___ DATASET EXTRACT ___
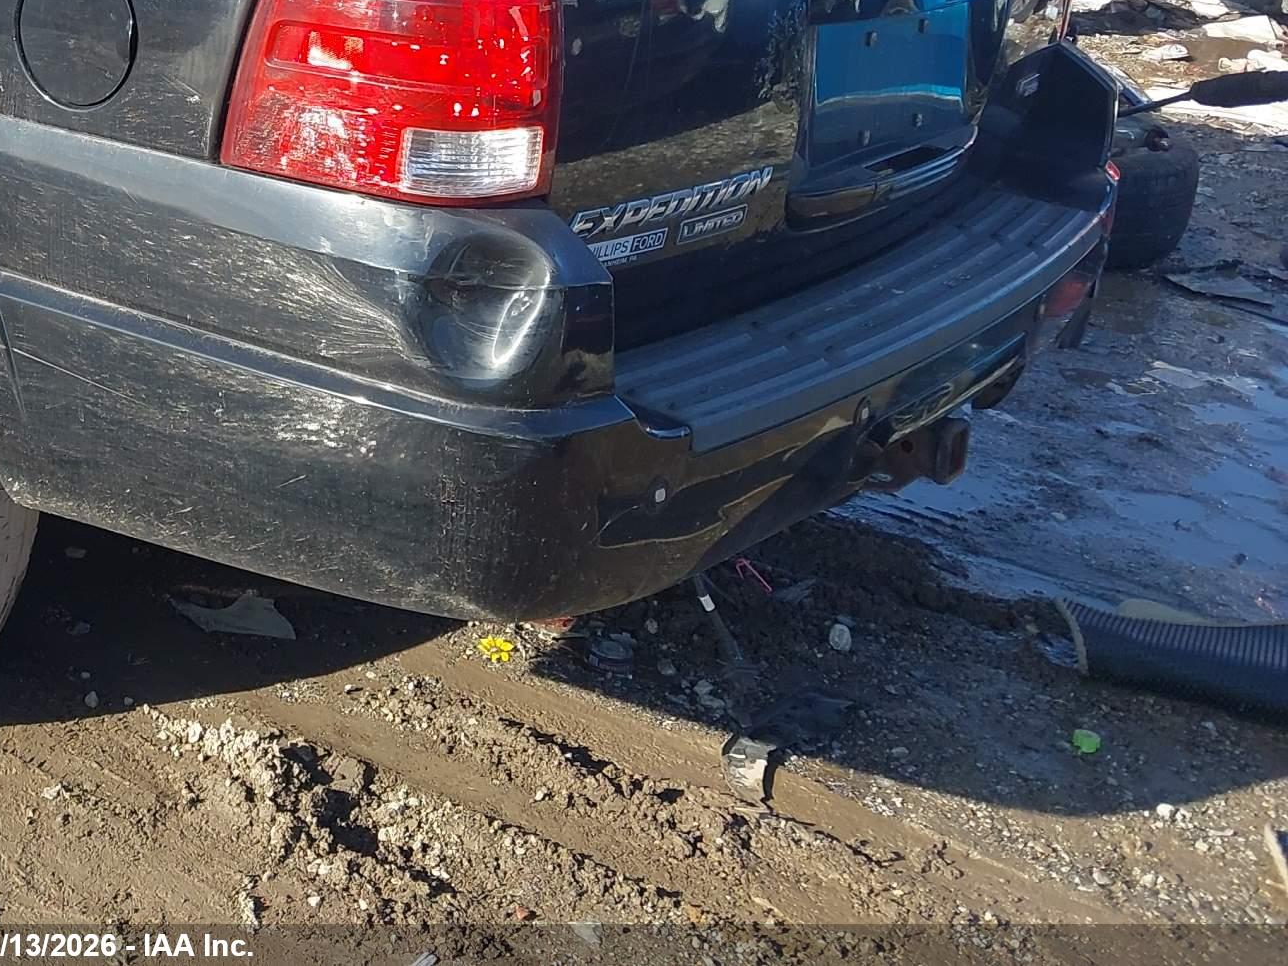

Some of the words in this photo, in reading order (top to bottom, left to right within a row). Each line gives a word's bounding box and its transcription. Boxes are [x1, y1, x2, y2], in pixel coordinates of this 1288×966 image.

[570, 166, 775, 238] EXPEDITION
[683, 209, 744, 238] LIMITED
[631, 232, 664, 252] FORD
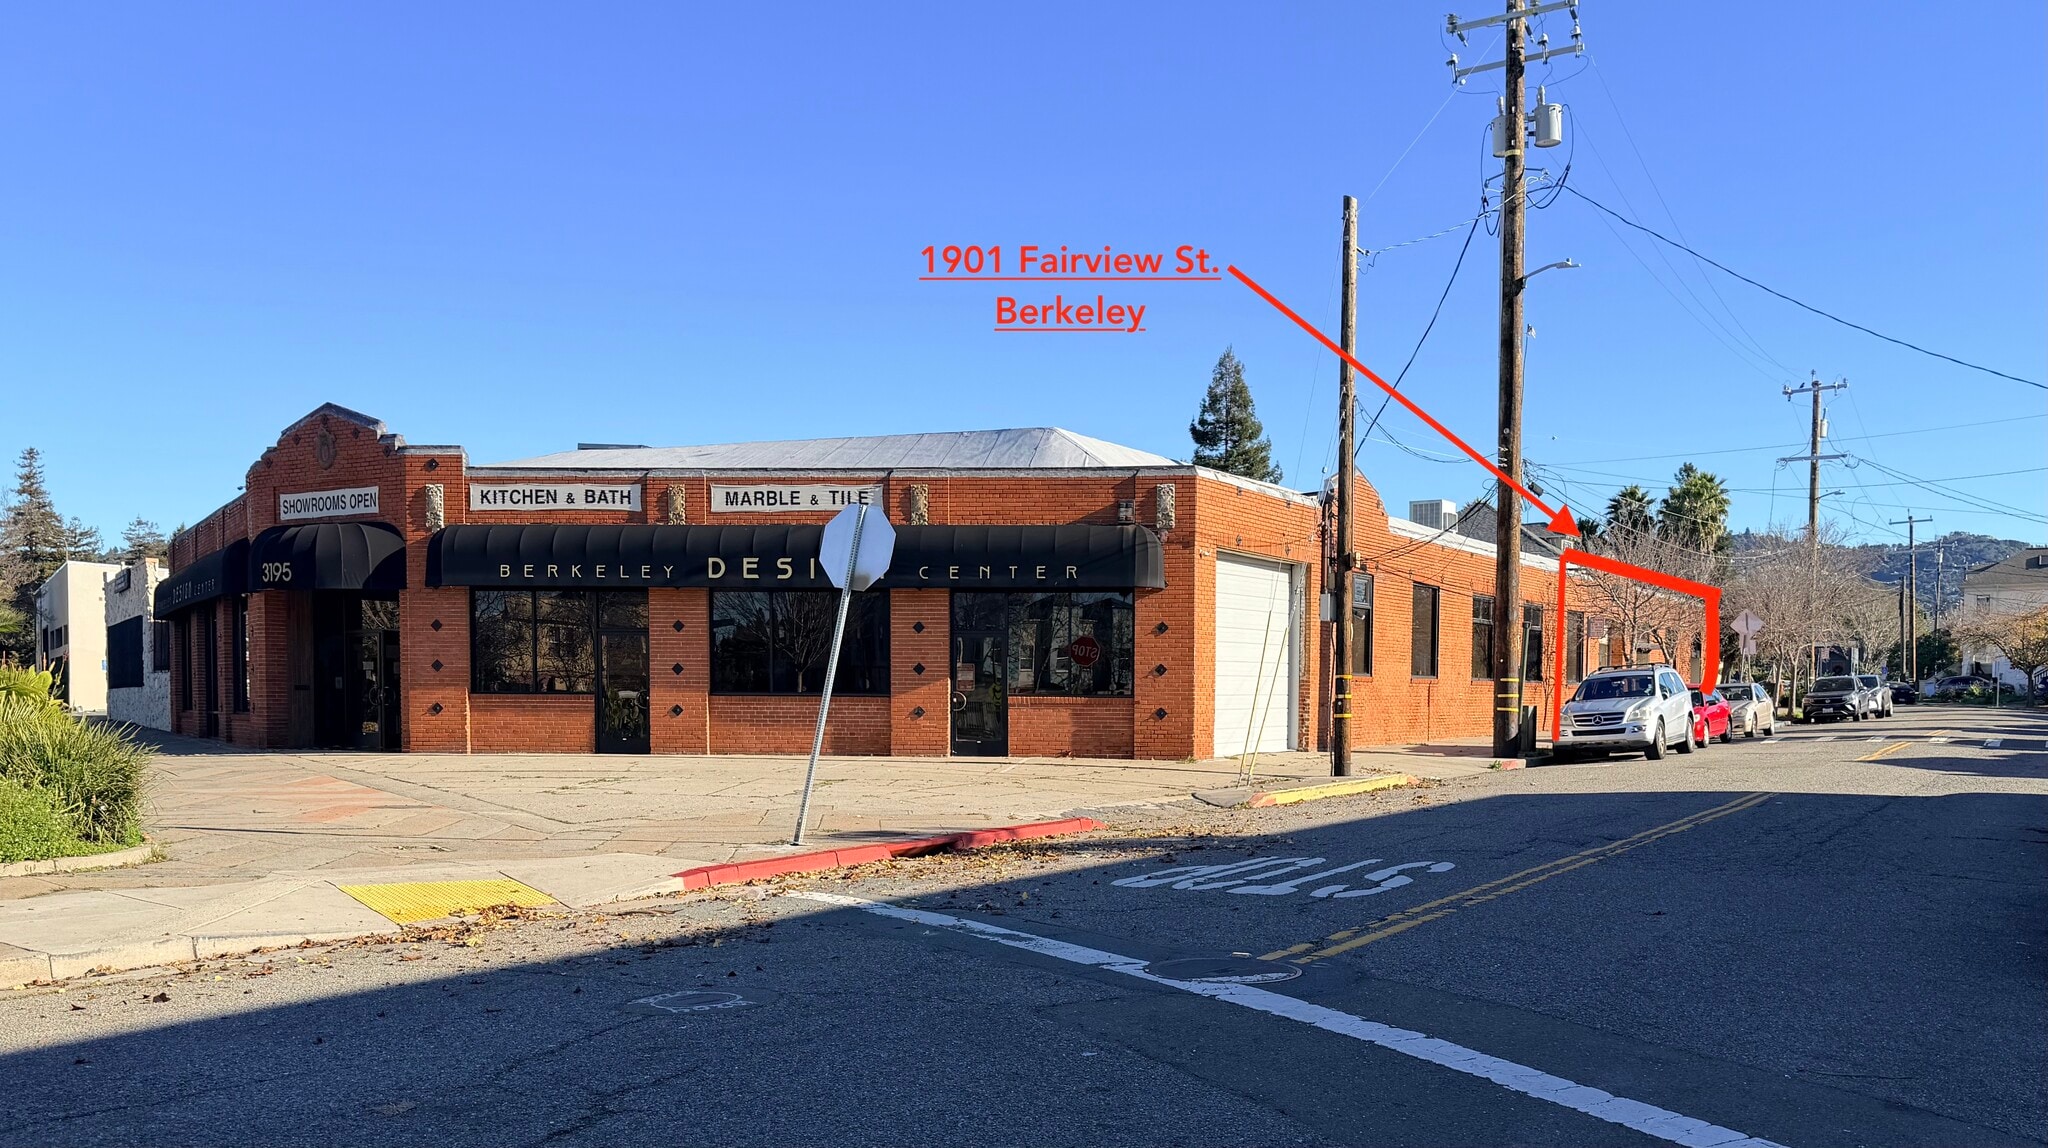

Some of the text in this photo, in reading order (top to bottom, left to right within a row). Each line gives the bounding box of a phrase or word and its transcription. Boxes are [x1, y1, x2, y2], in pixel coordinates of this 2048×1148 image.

[282, 492, 377, 515] SHOWROOMS OPEN
[480, 489, 632, 505] KITCHEN & BATH
[725, 490, 870, 506] MARBLE & TILE
[262, 562, 292, 582] 3195
[500, 557, 1077, 580] BERKELEY DESI CENTER
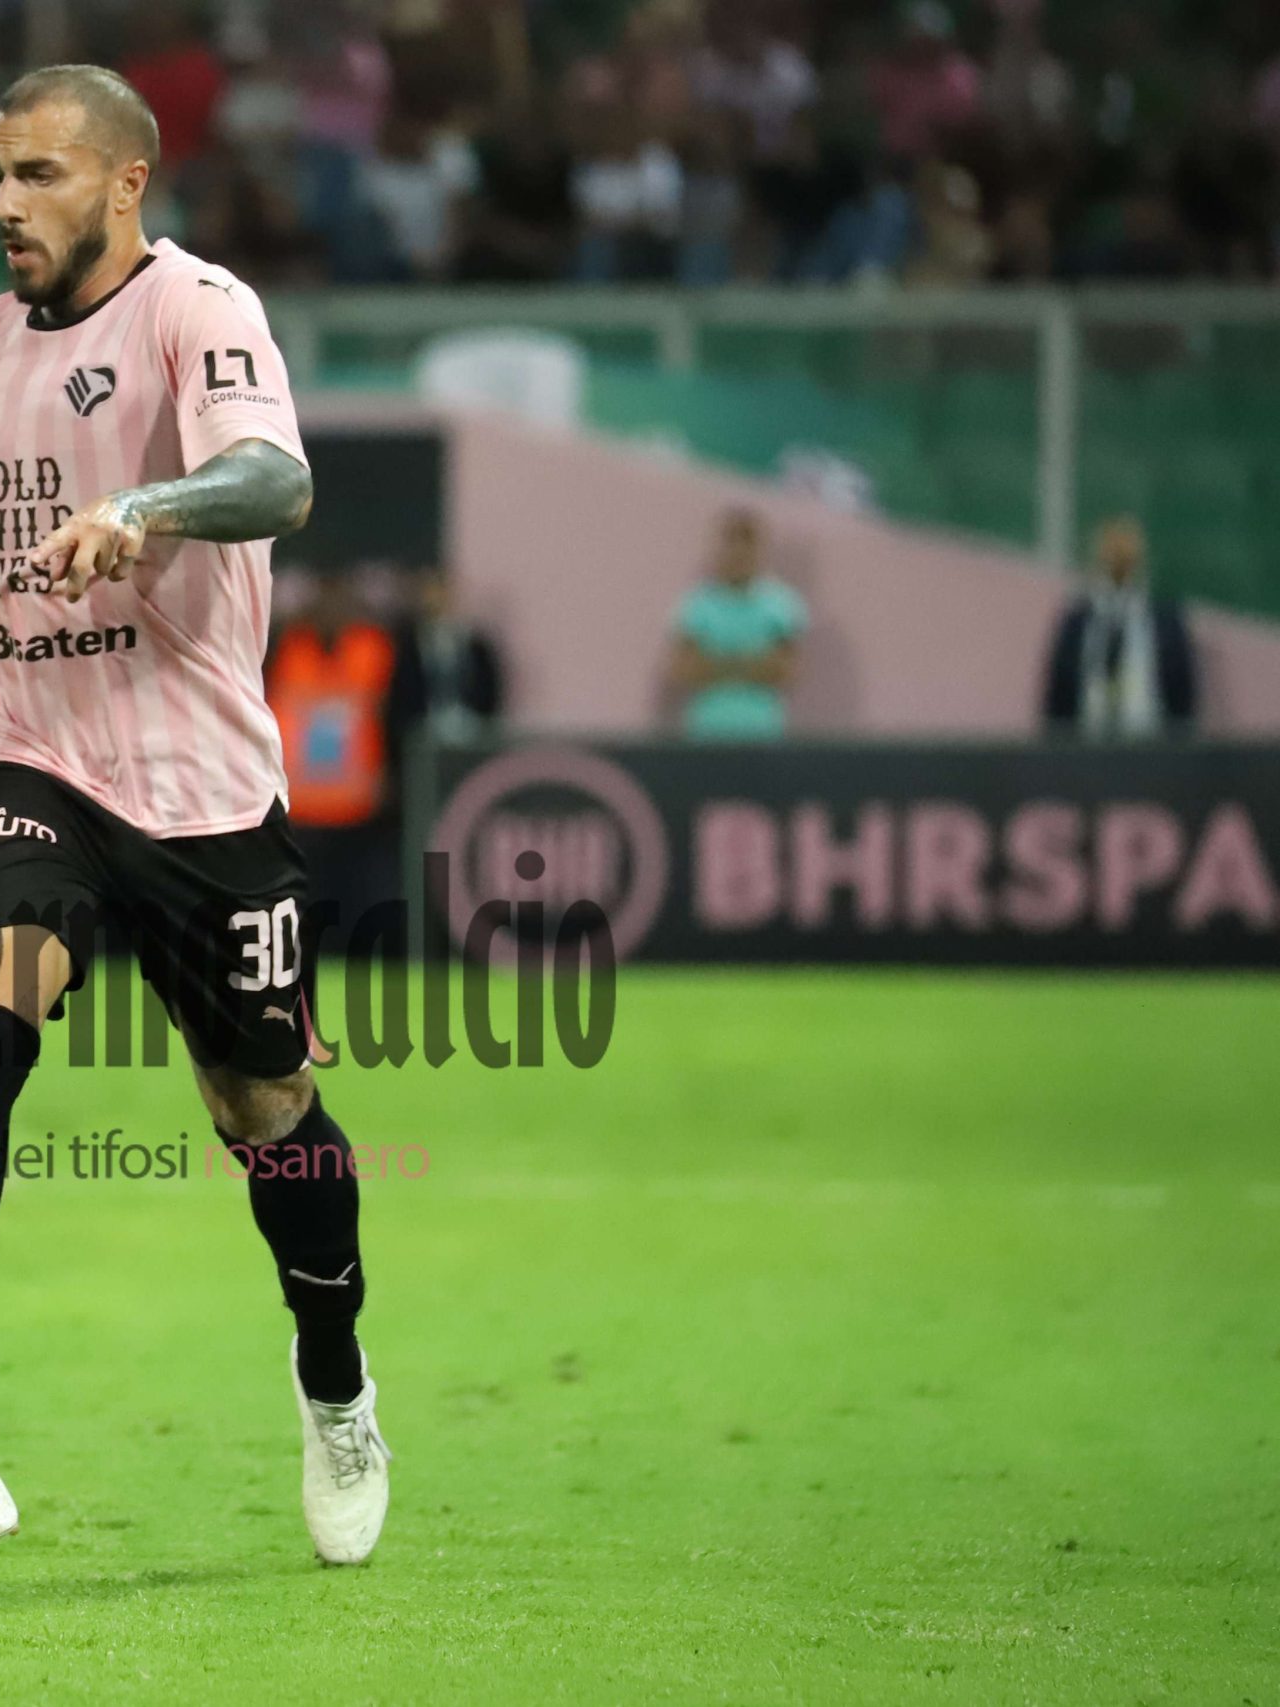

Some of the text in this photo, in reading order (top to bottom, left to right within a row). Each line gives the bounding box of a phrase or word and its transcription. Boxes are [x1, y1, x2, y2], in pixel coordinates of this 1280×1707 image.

[210, 391, 280, 406] Costruzioni
[694, 802, 1279, 932] BHRSPA
[227, 896, 302, 992] 30
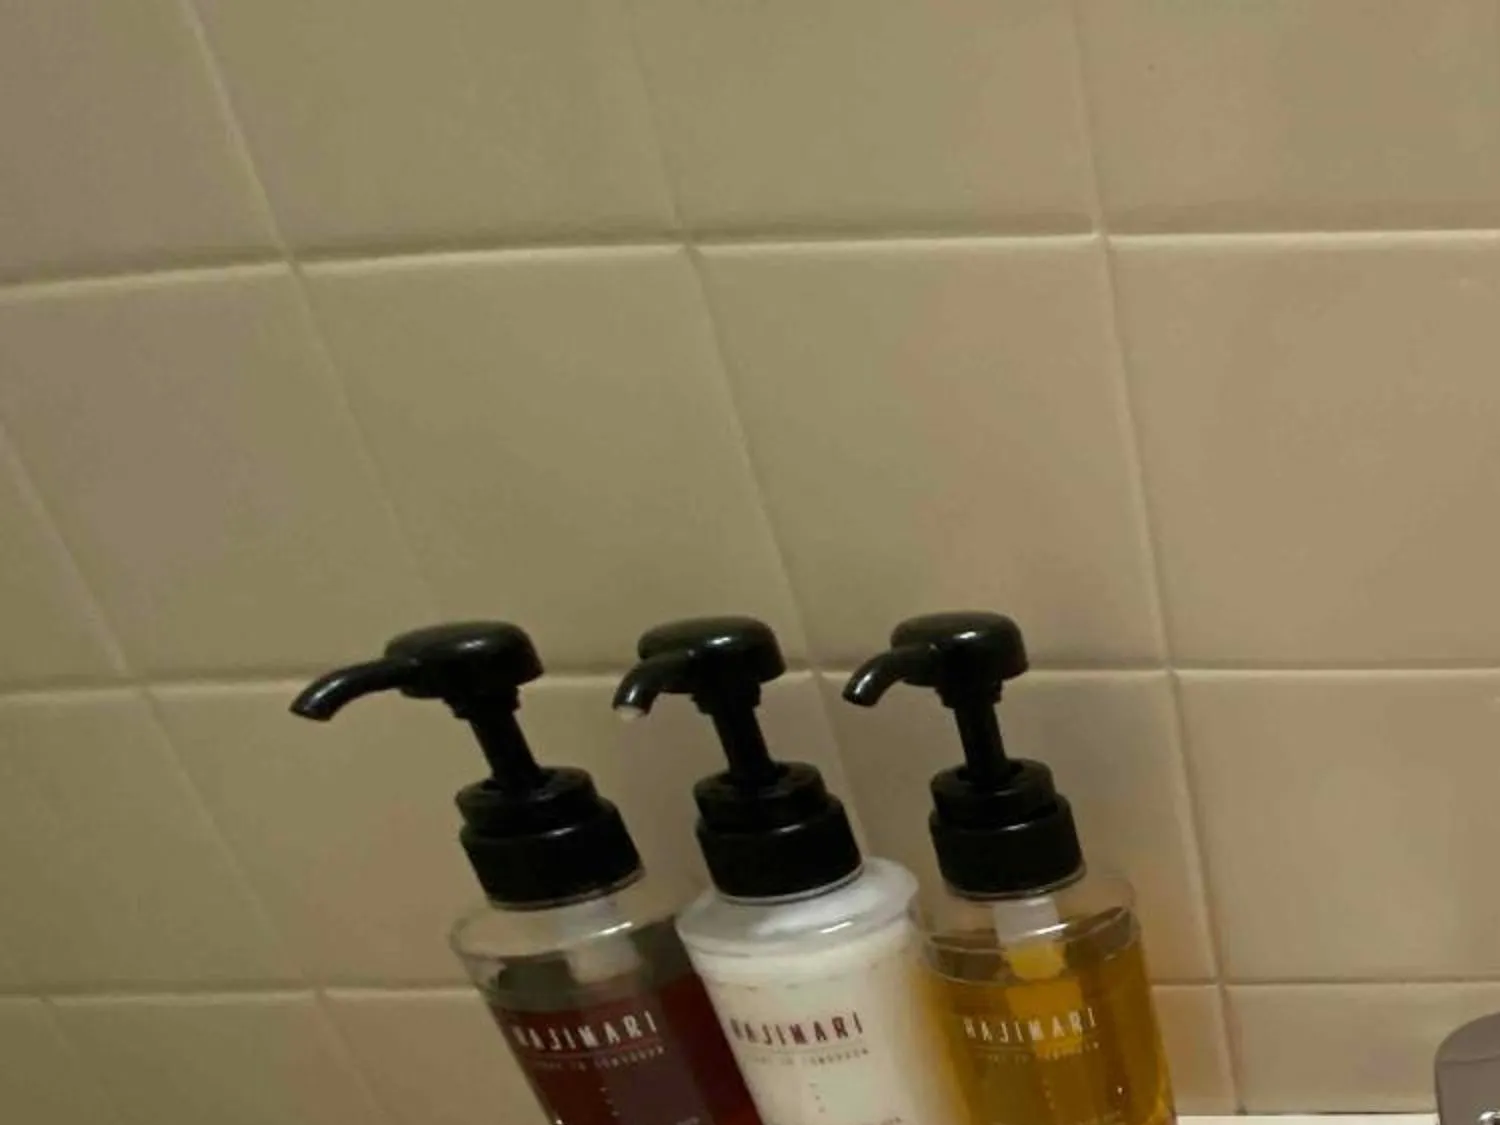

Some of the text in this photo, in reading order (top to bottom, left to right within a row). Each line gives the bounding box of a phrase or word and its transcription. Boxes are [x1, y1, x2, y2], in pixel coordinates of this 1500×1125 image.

[511, 1009, 657, 1051] HAJIMARI
[729, 1010, 864, 1046] HAJIMARI
[962, 1006, 1098, 1044] HAJIMARI
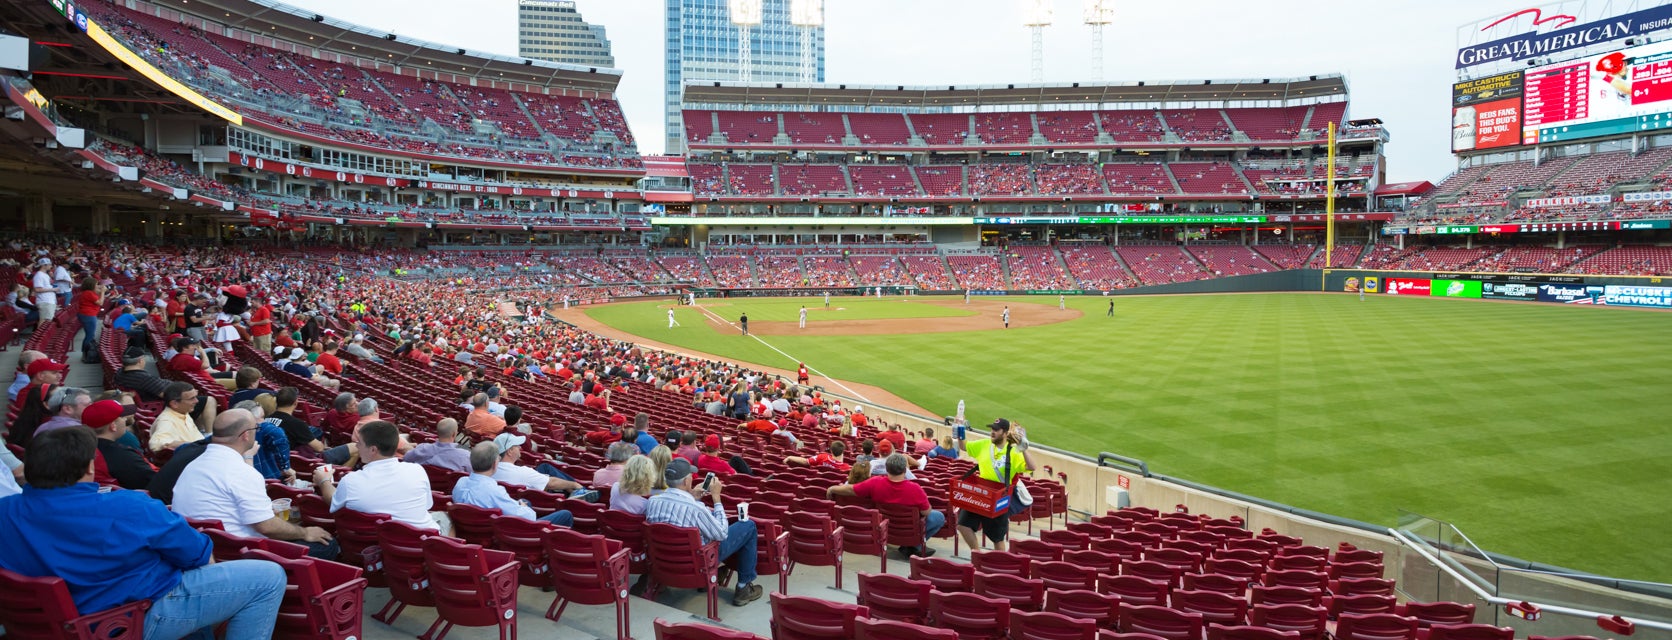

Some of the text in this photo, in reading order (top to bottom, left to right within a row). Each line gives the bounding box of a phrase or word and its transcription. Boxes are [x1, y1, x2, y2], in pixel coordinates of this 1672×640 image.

[1639, 17, 1672, 32] INSURA
[1455, 82, 1473, 90] MIKE
[1475, 72, 1520, 86] CASTRUCCI
[1462, 80, 1511, 94] AUTOMOTIVE
[1479, 110, 1497, 119] REDS
[1479, 119, 1495, 127] THIS
[1479, 126, 1492, 135] FOR
[1547, 285, 1586, 297] Barbasol
[1606, 295, 1671, 306] CHEVROLE
[953, 490, 991, 509] Budweiser
___
Pictures within the entries must not be reproduced; everything else is to be restated verbatim.

• **REPLY TO THE EXERCISE**
Some of the words in this photo, in reading order (top to bottom, left to right within a row). Each line gives a word's bounding box and its transcription. Boxes are [x1, y1, x2, y2], in pixel coordinates of this 1288×966 image.

[570, 166, 775, 238] EXPEDITION
[683, 209, 744, 238] LIMITED
[631, 232, 664, 252] FORD

Some of the text in this photo, in reading order (top to bottom, left to right within a row). Each line gives the bounding box of a phrase or word and its transcription. Boxes are [x1, y1, x2, y2], in pixel coordinates of this 2048×1148 image.

[282, 492, 377, 515] SHOWROOMS OPEN
[480, 489, 632, 505] KITCHEN & BATH
[725, 490, 870, 506] MARBLE & TILE
[262, 562, 292, 582] 3195
[500, 557, 1077, 580] BERKELEY DESI CENTER

Some of the text in this photo, in reading order (top to bottom, left to right within a row). Each line gives the bounding box of a phrase or word and its transcription. Boxes are [x1, y1, x2, y2], in pixel coordinates of this 1280×1707 image.

[210, 391, 280, 406] Costruzioni
[694, 802, 1279, 932] BHRSPA
[227, 896, 302, 992] 30

Some of the text in this photo, in reading order (top to bottom, left to right within a row). Each line gives the bounding box of a phrase or word and its transcription. Boxes are [x1, y1, x2, y2], in pixel coordinates of this 1500×1125 image.

[511, 1009, 657, 1051] HAJIMARI
[729, 1010, 864, 1046] HAJIMARI
[962, 1006, 1098, 1044] HAJIMARI

Some of the text in this photo, in reading order (top to bottom, left to right within a row). Each line gives the bounding box of a phrase or word and its transcription. Boxes are [x1, y1, x2, y2], in pixel coordinates of this 1672×640 image.

[1639, 17, 1672, 32] INSURA
[1455, 82, 1473, 90] MIKE
[1475, 72, 1520, 86] CASTRUCCI
[1462, 80, 1511, 94] AUTOMOTIVE
[1479, 110, 1497, 119] REDS
[1479, 119, 1495, 127] THIS
[1479, 126, 1492, 135] FOR
[1547, 285, 1586, 297] Barbasol
[1606, 295, 1671, 306] CHEVROLE
[953, 490, 991, 509] Budweiser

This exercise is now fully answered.